YOUR TASK: Every single entry below should be reproduced verbatim.

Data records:
[Start of Attachment]

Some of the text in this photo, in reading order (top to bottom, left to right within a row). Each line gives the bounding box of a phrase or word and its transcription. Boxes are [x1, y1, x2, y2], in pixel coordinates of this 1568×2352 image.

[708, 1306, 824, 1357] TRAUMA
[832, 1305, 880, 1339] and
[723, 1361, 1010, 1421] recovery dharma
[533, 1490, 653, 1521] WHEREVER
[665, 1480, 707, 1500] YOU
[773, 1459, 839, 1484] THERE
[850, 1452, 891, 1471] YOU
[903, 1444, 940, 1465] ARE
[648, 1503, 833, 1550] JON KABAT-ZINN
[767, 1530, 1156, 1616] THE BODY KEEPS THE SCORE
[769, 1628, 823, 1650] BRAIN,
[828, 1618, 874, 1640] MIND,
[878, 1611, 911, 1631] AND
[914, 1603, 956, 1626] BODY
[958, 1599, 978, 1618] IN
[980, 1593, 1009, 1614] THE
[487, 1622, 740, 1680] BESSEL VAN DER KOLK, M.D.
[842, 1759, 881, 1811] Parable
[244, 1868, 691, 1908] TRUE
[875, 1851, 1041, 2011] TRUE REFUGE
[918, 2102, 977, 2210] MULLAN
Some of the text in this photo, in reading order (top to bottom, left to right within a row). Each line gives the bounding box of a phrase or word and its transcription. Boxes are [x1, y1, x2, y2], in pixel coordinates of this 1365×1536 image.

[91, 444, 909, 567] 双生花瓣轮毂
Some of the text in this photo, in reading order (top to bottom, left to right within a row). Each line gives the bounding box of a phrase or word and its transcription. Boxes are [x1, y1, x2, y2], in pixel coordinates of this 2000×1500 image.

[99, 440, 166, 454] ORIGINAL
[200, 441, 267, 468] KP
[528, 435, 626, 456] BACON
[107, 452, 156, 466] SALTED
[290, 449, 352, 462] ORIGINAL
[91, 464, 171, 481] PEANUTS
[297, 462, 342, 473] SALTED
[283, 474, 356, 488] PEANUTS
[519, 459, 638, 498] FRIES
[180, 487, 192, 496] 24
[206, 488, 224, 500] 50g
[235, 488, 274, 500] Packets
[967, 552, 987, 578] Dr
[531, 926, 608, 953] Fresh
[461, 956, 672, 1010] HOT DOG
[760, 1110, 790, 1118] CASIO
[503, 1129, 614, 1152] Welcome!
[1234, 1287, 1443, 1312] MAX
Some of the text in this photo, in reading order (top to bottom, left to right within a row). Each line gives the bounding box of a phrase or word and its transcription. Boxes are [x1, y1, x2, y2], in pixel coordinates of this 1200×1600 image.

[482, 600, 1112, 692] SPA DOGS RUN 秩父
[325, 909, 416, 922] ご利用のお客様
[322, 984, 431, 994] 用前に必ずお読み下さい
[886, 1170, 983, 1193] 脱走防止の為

[End of Attachment]

RESPONSE:
Some of the text in this photo, in reading order (top to bottom, left to right within a row). Each line gives the bounding box of a phrase or word and its transcription. Boxes are [x1, y1, x2, y2], in pixel coordinates of this 1568×2352 image.

[708, 1306, 824, 1357] TRAUMA
[832, 1305, 880, 1339] and
[723, 1361, 1010, 1421] recovery dharma
[533, 1490, 653, 1521] WHEREVER
[665, 1480, 707, 1500] YOU
[773, 1459, 839, 1484] THERE
[850, 1452, 891, 1471] YOU
[903, 1444, 940, 1465] ARE
[648, 1503, 833, 1550] JON KABAT-ZINN
[767, 1530, 1156, 1616] THE BODY KEEPS THE SCORE
[769, 1628, 823, 1650] BRAIN,
[828, 1618, 874, 1640] MIND,
[878, 1611, 911, 1631] AND
[914, 1603, 956, 1626] BODY
[958, 1599, 978, 1618] IN
[980, 1593, 1009, 1614] THE
[487, 1622, 740, 1680] BESSEL VAN DER KOLK, M.D.
[842, 1759, 881, 1811] Parable
[244, 1868, 691, 1908] TRUE
[875, 1851, 1041, 2011] TRUE REFUGE
[918, 2102, 977, 2210] MULLAN
Some of the text in this photo, in reading order (top to bottom, left to right within a row). Each line gives the bounding box of a phrase or word and its transcription. Boxes are [x1, y1, x2, y2], in pixel coordinates of this 1365×1536 image.

[91, 444, 909, 567] 双生花瓣轮毂
Some of the text in this photo, in reading order (top to bottom, left to right within a row). Each line gives the bounding box of a phrase or word and its transcription. Boxes are [x1, y1, x2, y2], in pixel coordinates of this 2000×1500 image.

[99, 440, 166, 454] ORIGINAL
[200, 441, 267, 468] KP
[528, 435, 626, 456] BACON
[107, 452, 156, 466] SALTED
[290, 449, 352, 462] ORIGINAL
[91, 464, 171, 481] PEANUTS
[297, 462, 342, 473] SALTED
[283, 474, 356, 488] PEANUTS
[519, 459, 638, 498] FRIES
[180, 487, 192, 496] 24
[206, 488, 224, 500] 50g
[235, 488, 274, 500] Packets
[967, 552, 987, 578] Dr
[531, 926, 608, 953] Fresh
[461, 956, 672, 1010] HOT DOG
[760, 1110, 790, 1118] CASIO
[503, 1129, 614, 1152] Welcome!
[1234, 1287, 1443, 1312] MAX
Some of the text in this photo, in reading order (top to bottom, left to right within a row). Each line gives the bounding box of a phrase or word and its transcription. Boxes are [x1, y1, x2, y2], in pixel coordinates of this 1200×1600 image.

[482, 600, 1112, 692] SPA DOGS RUN 秩父
[325, 909, 416, 922] ご利用のお客様
[322, 984, 431, 994] 用前に必ずお読み下さい
[886, 1170, 983, 1193] 脱走防止の為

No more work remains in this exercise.